> _Available data_:

☆ ☆ ☆ ☆

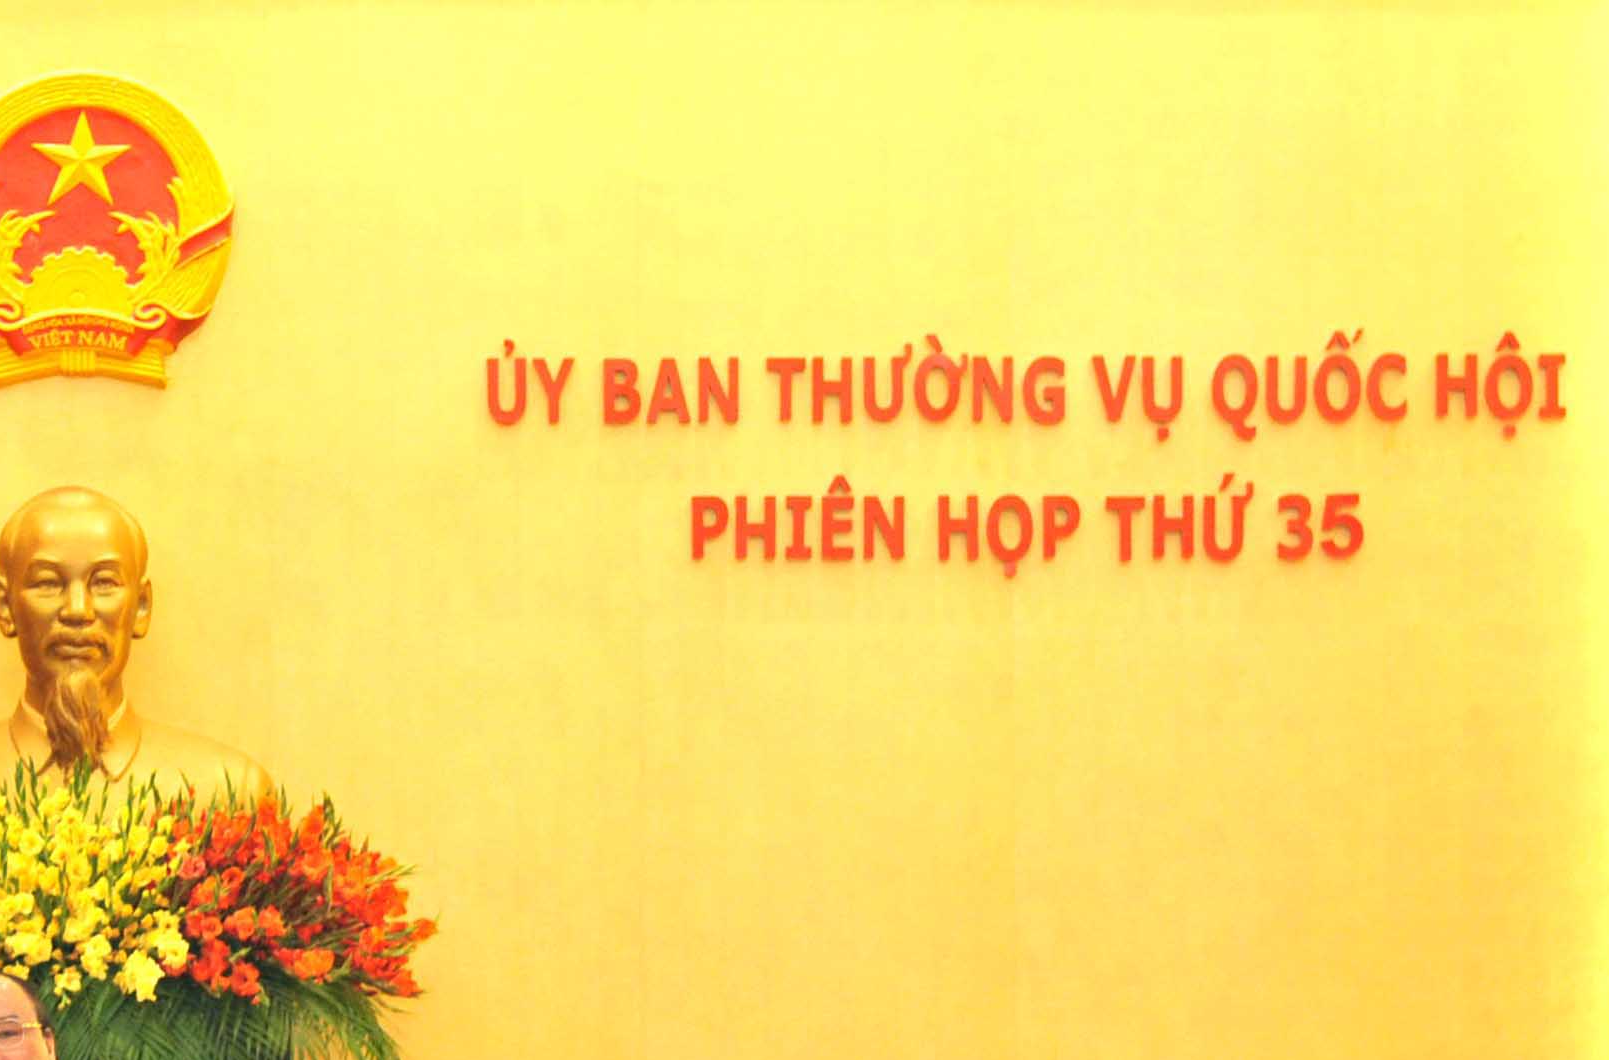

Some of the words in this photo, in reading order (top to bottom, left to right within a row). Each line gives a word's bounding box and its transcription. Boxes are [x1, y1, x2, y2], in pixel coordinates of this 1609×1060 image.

[77, 330, 128, 351] NAM
[486, 339, 574, 427] ỦY
[603, 358, 739, 427] BAN
[766, 335, 1066, 427] THƯỜNG
[1092, 356, 1183, 443] VỤ
[1211, 328, 1408, 443] QUỐC
[1435, 332, 1567, 440] HỘI
[691, 475, 905, 563] PHIÊN
[937, 495, 1081, 579] HỌP
[1105, 473, 1254, 565] THỨ
[1276, 493, 1365, 564] 35

☆ ☆ ☆ ☆

> _Exercise_:
Output the entries verbatim but drop the images.

> _Task result_:
Some of the words in this photo, in reading order (top to bottom, left to right within a row). Each line gives a word's bounding box and its transcription. Boxes are [x1, y1, x2, y2], in pixel coordinates of this 1609×1060 image.

[77, 330, 128, 351] NAM
[486, 339, 574, 427] ỦY
[603, 358, 739, 427] BAN
[766, 335, 1066, 427] THƯỜNG
[1092, 356, 1183, 443] VỤ
[1211, 328, 1408, 443] QUỐC
[1435, 332, 1567, 440] HỘI
[691, 475, 905, 563] PHIÊN
[937, 495, 1081, 579] HỌP
[1105, 473, 1254, 565] THỨ
[1276, 493, 1365, 564] 35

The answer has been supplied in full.